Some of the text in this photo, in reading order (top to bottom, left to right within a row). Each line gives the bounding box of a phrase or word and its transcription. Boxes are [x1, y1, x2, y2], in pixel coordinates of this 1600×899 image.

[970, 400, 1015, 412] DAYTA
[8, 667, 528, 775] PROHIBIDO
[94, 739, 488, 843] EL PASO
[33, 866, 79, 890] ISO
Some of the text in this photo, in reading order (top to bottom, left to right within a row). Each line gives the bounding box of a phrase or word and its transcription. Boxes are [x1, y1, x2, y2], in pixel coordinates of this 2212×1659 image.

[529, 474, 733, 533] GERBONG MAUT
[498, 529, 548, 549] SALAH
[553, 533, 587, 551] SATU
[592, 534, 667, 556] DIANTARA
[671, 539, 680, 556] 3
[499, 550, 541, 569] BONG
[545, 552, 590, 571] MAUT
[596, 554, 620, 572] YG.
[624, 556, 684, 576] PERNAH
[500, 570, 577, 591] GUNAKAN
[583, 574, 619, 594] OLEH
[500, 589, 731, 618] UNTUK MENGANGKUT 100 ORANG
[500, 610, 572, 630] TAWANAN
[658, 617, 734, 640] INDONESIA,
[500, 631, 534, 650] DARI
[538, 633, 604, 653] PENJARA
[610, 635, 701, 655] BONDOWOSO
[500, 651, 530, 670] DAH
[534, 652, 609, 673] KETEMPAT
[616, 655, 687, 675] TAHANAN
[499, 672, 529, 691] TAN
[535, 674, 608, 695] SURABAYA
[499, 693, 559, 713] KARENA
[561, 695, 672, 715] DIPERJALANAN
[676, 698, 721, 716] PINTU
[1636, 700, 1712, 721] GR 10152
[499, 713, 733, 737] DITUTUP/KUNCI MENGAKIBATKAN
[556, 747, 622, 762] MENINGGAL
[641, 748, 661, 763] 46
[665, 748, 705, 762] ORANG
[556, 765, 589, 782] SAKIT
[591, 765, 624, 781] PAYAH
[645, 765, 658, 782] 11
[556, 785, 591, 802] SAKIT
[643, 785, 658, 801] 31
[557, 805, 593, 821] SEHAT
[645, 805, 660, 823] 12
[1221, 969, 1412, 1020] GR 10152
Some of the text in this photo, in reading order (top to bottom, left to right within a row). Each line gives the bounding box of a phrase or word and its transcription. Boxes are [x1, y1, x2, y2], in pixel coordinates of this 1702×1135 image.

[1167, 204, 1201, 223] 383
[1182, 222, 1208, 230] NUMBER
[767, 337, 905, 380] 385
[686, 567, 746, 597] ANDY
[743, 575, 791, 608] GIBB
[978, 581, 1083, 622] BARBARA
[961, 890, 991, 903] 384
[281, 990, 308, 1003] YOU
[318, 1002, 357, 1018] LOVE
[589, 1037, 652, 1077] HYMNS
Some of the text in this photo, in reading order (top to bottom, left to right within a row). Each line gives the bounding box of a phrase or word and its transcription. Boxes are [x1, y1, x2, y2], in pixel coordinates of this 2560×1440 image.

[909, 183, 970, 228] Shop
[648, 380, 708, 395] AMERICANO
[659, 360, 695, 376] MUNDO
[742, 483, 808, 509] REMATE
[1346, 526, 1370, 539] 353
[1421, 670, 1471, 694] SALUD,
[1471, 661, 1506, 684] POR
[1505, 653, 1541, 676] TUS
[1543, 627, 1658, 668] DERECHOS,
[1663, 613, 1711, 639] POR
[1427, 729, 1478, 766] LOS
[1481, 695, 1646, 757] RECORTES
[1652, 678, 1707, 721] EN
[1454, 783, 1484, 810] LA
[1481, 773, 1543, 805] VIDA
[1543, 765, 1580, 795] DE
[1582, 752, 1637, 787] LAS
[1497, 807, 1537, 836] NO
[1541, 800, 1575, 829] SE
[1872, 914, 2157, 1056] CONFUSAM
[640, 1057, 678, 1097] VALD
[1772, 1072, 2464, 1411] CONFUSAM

◆ **Exercise objective**
Could you type out every entry again exactly as it stands?

◆ **Answer to this task**
Some of the text in this photo, in reading order (top to bottom, left to right within a row). Each line gives the bounding box of a phrase or word and its transcription. Boxes are [x1, y1, x2, y2], in pixel coordinates of this 1600×899 image.

[970, 400, 1015, 412] DAYTA
[8, 667, 528, 775] PROHIBIDO
[94, 739, 488, 843] EL PASO
[33, 866, 79, 890] ISO
Some of the text in this photo, in reading order (top to bottom, left to right within a row). Each line gives the bounding box of a phrase or word and its transcription. Boxes are [x1, y1, x2, y2], in pixel coordinates of this 2212×1659 image.

[529, 474, 733, 533] GERBONG MAUT
[498, 529, 548, 549] SALAH
[553, 533, 587, 551] SATU
[592, 534, 667, 556] DIANTARA
[671, 539, 680, 556] 3
[499, 550, 541, 569] BONG
[545, 552, 590, 571] MAUT
[596, 554, 620, 572] YG.
[624, 556, 684, 576] PERNAH
[500, 570, 577, 591] GUNAKAN
[583, 574, 619, 594] OLEH
[500, 589, 731, 618] UNTUK MENGANGKUT 100 ORANG
[500, 610, 572, 630] TAWANAN
[658, 617, 734, 640] INDONESIA,
[500, 631, 534, 650] DARI
[538, 633, 604, 653] PENJARA
[610, 635, 701, 655] BONDOWOSO
[500, 651, 530, 670] DAH
[534, 652, 609, 673] KETEMPAT
[616, 655, 687, 675] TAHANAN
[499, 672, 529, 691] TAN
[535, 674, 608, 695] SURABAYA
[499, 693, 559, 713] KARENA
[561, 695, 672, 715] DIPERJALANAN
[676, 698, 721, 716] PINTU
[1636, 700, 1712, 721] GR 10152
[499, 713, 733, 737] DITUTUP/KUNCI MENGAKIBATKAN
[556, 747, 622, 762] MENINGGAL
[641, 748, 661, 763] 46
[665, 748, 705, 762] ORANG
[556, 765, 589, 782] SAKIT
[591, 765, 624, 781] PAYAH
[645, 765, 658, 782] 11
[556, 785, 591, 802] SAKIT
[643, 785, 658, 801] 31
[557, 805, 593, 821] SEHAT
[645, 805, 660, 823] 12
[1221, 969, 1412, 1020] GR 10152
Some of the text in this photo, in reading order (top to bottom, left to right within a row). Each line gives the bounding box of a phrase or word and its transcription. Boxes are [x1, y1, x2, y2], in pixel coordinates of this 1702×1135 image.

[1167, 204, 1201, 223] 383
[1182, 222, 1208, 230] NUMBER
[767, 337, 905, 380] 385
[686, 567, 746, 597] ANDY
[743, 575, 791, 608] GIBB
[978, 581, 1083, 622] BARBARA
[961, 890, 991, 903] 384
[281, 990, 308, 1003] YOU
[318, 1002, 357, 1018] LOVE
[589, 1037, 652, 1077] HYMNS
Some of the text in this photo, in reading order (top to bottom, left to right within a row). Each line gives the bounding box of a phrase or word and its transcription. Boxes are [x1, y1, x2, y2], in pixel coordinates of this 2560×1440 image.

[909, 183, 970, 228] Shop
[648, 380, 708, 395] AMERICANO
[659, 360, 695, 376] MUNDO
[742, 483, 808, 509] REMATE
[1346, 526, 1370, 539] 353
[1421, 670, 1471, 694] SALUD,
[1471, 661, 1506, 684] POR
[1505, 653, 1541, 676] TUS
[1543, 627, 1658, 668] DERECHOS,
[1663, 613, 1711, 639] POR
[1427, 729, 1478, 766] LOS
[1481, 695, 1646, 757] RECORTES
[1652, 678, 1707, 721] EN
[1454, 783, 1484, 810] LA
[1481, 773, 1543, 805] VIDA
[1543, 765, 1580, 795] DE
[1582, 752, 1637, 787] LAS
[1497, 807, 1537, 836] NO
[1541, 800, 1575, 829] SE
[1872, 914, 2157, 1056] CONFUSAM
[640, 1057, 678, 1097] VALD
[1772, 1072, 2464, 1411] CONFUSAM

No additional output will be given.